Abstract: This case study describes concerns for capacitor switching transients within customer facilities. Magnification of transients initiated at higher voltage capacitors and tripping of sensitive variable frequency drive (VFD) loads are evaluated in particular.
The results of measurements and simulations associated with capacitor switching on the utility system and the resulting impacts at an industrial process plant are presented.
These results illustrate the important effect of customer load characteristics on the transients experienced within the facilities.
INTRODUCTION
Capacitor switching is considered a normal system event on the utility system and the transients associated with these switching operations are generally not a problem for utility system equipment. However, the transients can be magnified within customer facilities or can cause misoperation of sensitive electronic equipment, such as variable frequency drives (VFDs).
These concerns were evaluated in detail for a manufacturing facility. The transient overvoltages were simulated using the Electromagnetic Transients Program (EMTP) and field tests were performed to verify the modeling and evaluate the impact on actual plant loads.
Magnification of capacitor switching transients is perhaps the most important concern because the transient voltages can be very high and the energy levels associated with these transients can cause failure of electronic equipment and protective devices. Even without magnification, normal capacitor switching transients can cause problems with sensitive electronic loads. VFDs, in particular, can experience nuisance tripping for transient voltage magnitudes as low as 1.2 per unit.
This case focuses on field tests and simulations performed to evaluate the impact of switching capacitor banks on the transmission system supplying a facility and switching new capacitor banks installed at the distribution substation for the facility.
SYSTEM DESCRIPTION
The facility is supplied from a 115kV transmission system as shown in the representative online diagram provided in Figure 1. The main station that supplies the industrial customer includes two switched 48 MVAr shunt capacitor banks.
The service to the facility is through two 22.4 MVA, 115/12.47 kV substation transformers located on the site. The plant loads are then supplied from service entrance stations that step down to 480 Volts. The electrical loads at the facility consist primarily of motors (pumps and fans) and electronic loads. Most of the manufacturing equipment requires 120/208 V power which is provided through local step-down transformers serving individual loads or combinations of loads through a distribution panel. The most sensitive production equipment is supplied from large scale centralized Uninterruptible Power Supply (UPS) systems. These systems are connected in an on-line full capacity, parallel redundant configuration.
Power factor correction capacitors are not used within the facility. Therefore, magnification at low voltage capacitors is not a problem.

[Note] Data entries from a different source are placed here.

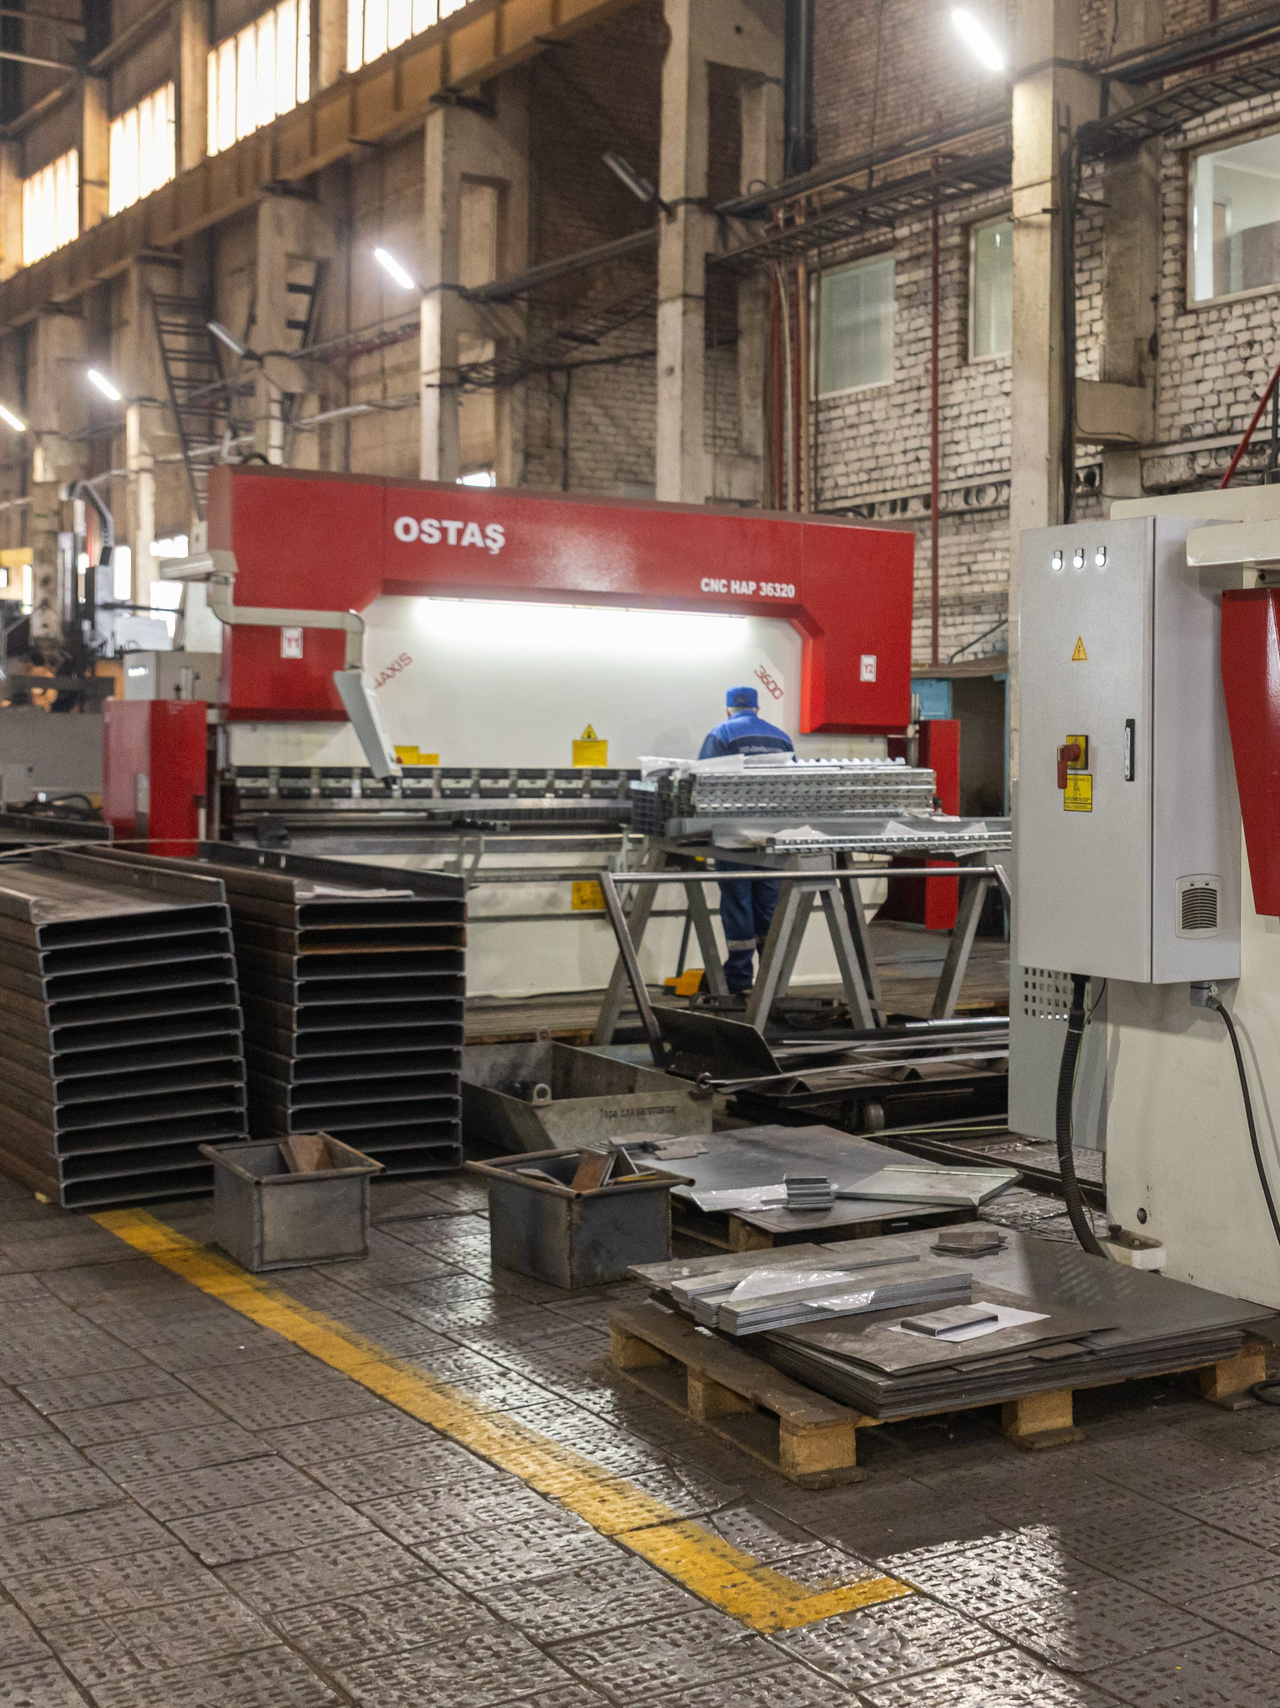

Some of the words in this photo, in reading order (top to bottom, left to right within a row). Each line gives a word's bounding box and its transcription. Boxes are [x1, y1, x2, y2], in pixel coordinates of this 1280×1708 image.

[394, 516, 506, 554] OSTAŞ
[700, 577, 728, 593] CNC
[730, 580, 757, 595] HAP
[759, 582, 795, 598] 36320
[754, 665, 784, 700] 3600

In order to maximize capacity of the substation, the utility installed power factor correction capacitors at the 12.47 kV buses. The proposed configuration consisted of 7200 kVAr (6×1200 kVAr) at bus #2 and 3600 kVAr (3×1200 kVAr) at bus # 3. The addition of the substation capacitors prompted the concern for switching transient voltages within the plant. Transients during switching of either the 48 MVAr, 115kV banks or during switching of the individual 1200 kVAr steps were evaluated.

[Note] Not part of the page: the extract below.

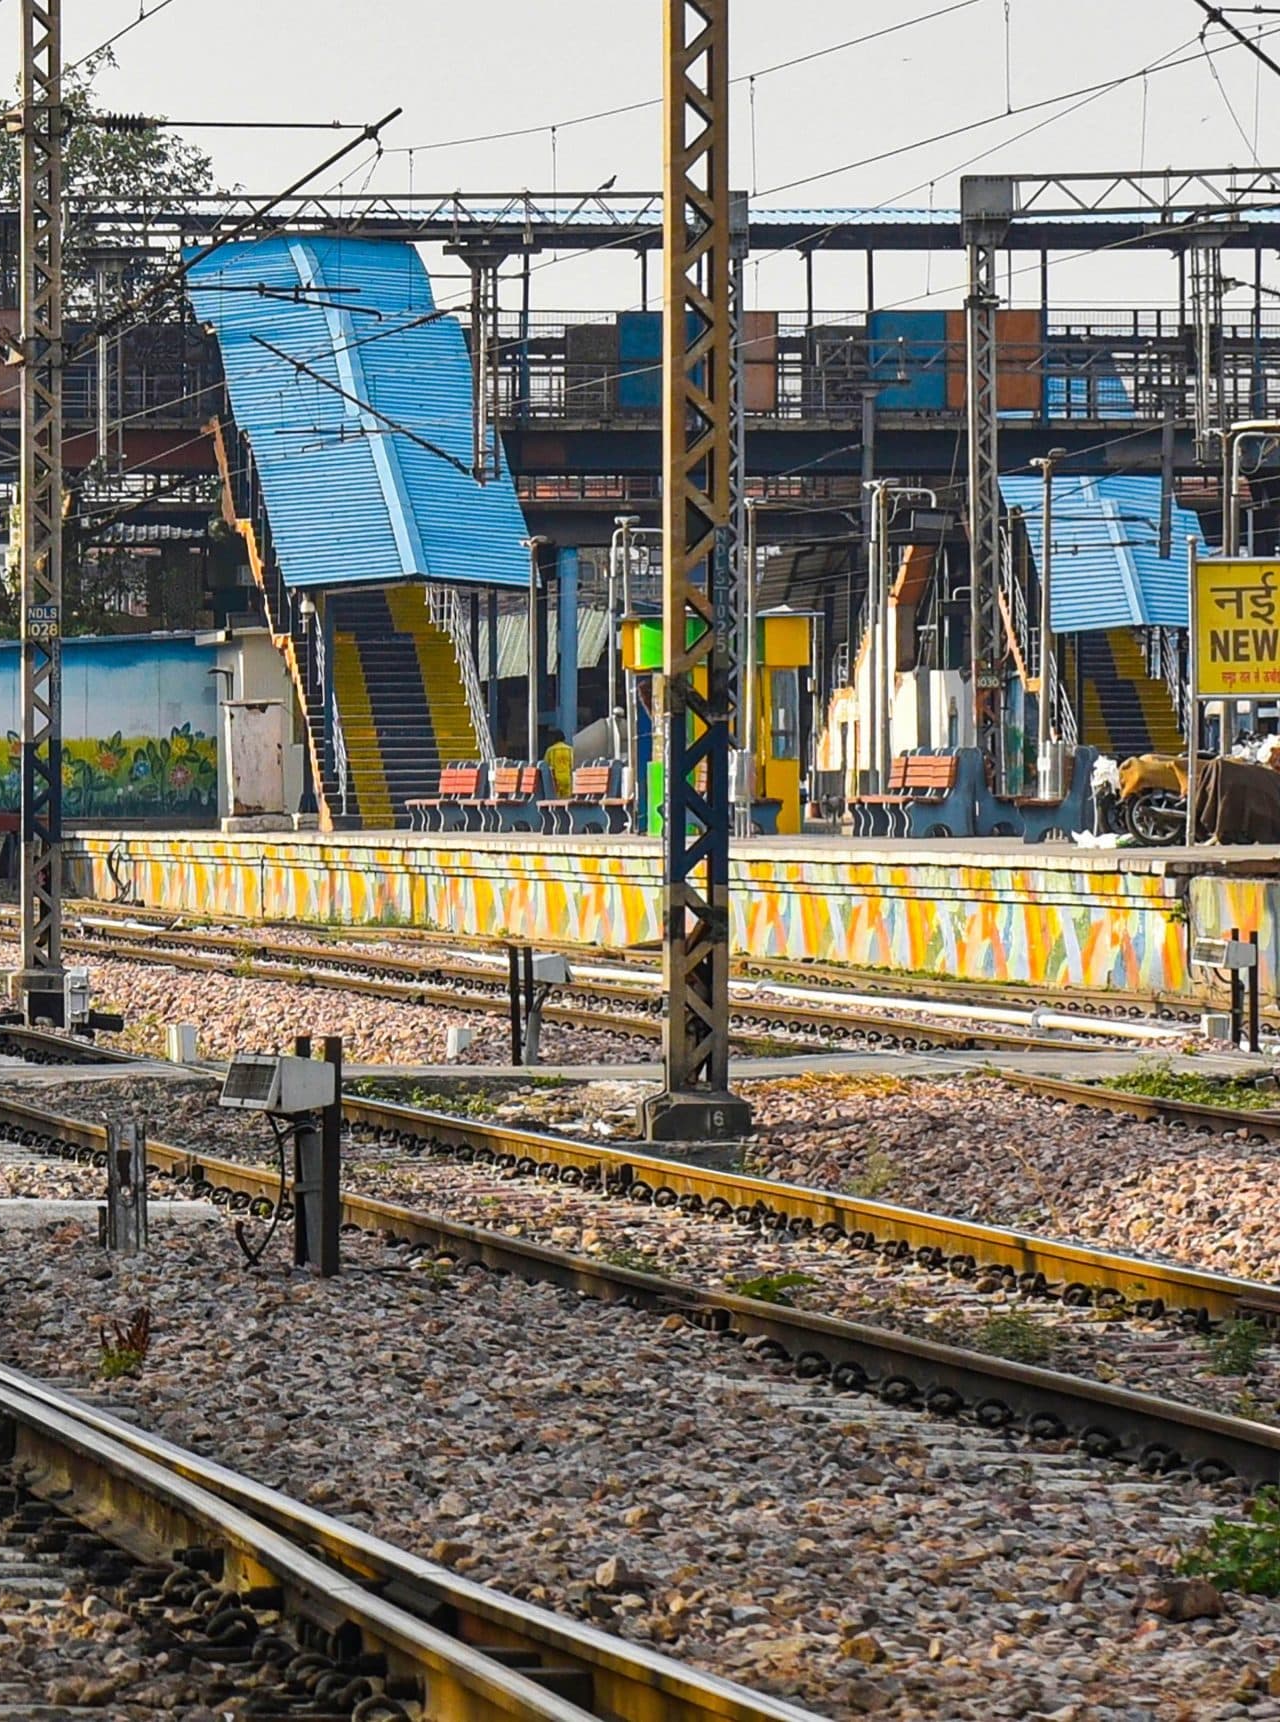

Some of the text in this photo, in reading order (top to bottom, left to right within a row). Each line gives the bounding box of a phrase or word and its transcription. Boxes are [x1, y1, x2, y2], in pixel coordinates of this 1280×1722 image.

[1210, 571, 1277, 625] नई
[28, 607, 57, 619] NDLS
[27, 623, 58, 637] 1028
[1210, 629, 1278, 662] NEW

A preliminary model for use with the EMTP was developed to evaluate the concerns for capacitor switching transients. The model was built to accurately represent the system source equivalents at the transmission buses, transformers stepping down to the distribution substations, capacitor banks, and equivalents for loads at the facility and nearby utility buses.
A VFD was modeled in detail (Figure 2) to evaluate the impacts of the capacitor switching transients on a typical VFD load. The main concern for the VFDs is that they will experience nuisance tripping caused by an increase in the dc bus voltage within the drive during a capacitor switching transient. The particular drives being evaluated had relatively high dc overvoltage trip settings of 850 Volts. This setting can be as low as 760 Volts for some drives. Previous publications have shown that the nuisance tripping caused by dc overvoltages can be solved by installing an isolating reactor (choke) in series with the drive. The drives being evaluated at the facility did not have chokes but were separated from the main 480 Volt supply by relatively long cable lengths.
The two 48 MVAr, 115kV capacitor banks have 0.3 mH series reactors to limit back-to-back switching inrush currents. The banks are switched with conventional SF6 breakers.
The new 12.47 kV capacitor consist of individual 1200 kVAr steps and series reactors to limit the inrush current during the back-to-back switching. The individual 1200 kVAr steps are switched with motorized air-break switches.
SIMULATION RESULTS
Simulations were performed using the model described to evaluate the expected transient voltages at the facility loads during capacitor switching at either 115 kV or 12.47 kV locations.
Energizing the 48 MVAr, 115kV Capacitor Banks
Switching of the 115 kV capacitor banks was being performed on a regular basis for some time prior to the addition of the 12.47 kV capacitors. This case results in a transient voltage at the facility that has been recorded by monitoring equipment on a number of occasions. Figure 3 is a typical case showing the transient voltage at a 480 Volt bus. These transients were not causing any problems at the facility.
The waveform in Figure 3 was used to estimate the damping being provided by the 115 kV transmission system and load equivalents. Figure 4 illustrates simulation results for the same case. The damping in the simulation case is somewhat less than the damping in the measured waveform that should result in conservative results from the simulations
Energizing the 12.47 kV Capacitor Banks
This case involves the addition of power factor correction capacitor banks at the 12.47 kV buses. These capacitor banks are configured in 1200 kVAr steps. The first step to be energized results in the highest transient. The transients associated with energizing of subsequent steps are lower because the transient is shared with the other capacitors already in service. Figure 4-Figure 6 give the simulated transients at the 60 HP VFD load for energizing the first 1200 kVAr step. The transients are illustrated in per unit (pu). This is the actual voltage divided by the normal peak voltage magnitude. In Figure 4, the peak transient is approximately 1.3 pu, or about 880 Volts (L-L). The transient magnitude in the dc bus of the drive should be somewhat less than this due to current limiting impedances in the drive. Therefore, it is not likely that this transient would cause drive tripping.
FIELD TEST RESULTS
It was clear from the initial simulations that the potential for nuisance tripping of VFDs or other electronic loads existed during capacitor switching operations. Field tests were performed to evaluate the actual transient voltages at the facility during switching of the new 1200 kVAr capacitor banks and during switching of the 48 MVAr, 115kV capacitor banks. These tests were scheduled during maintenance shut down at the facility to minimize the impacts if any nuisance tripping was encountered.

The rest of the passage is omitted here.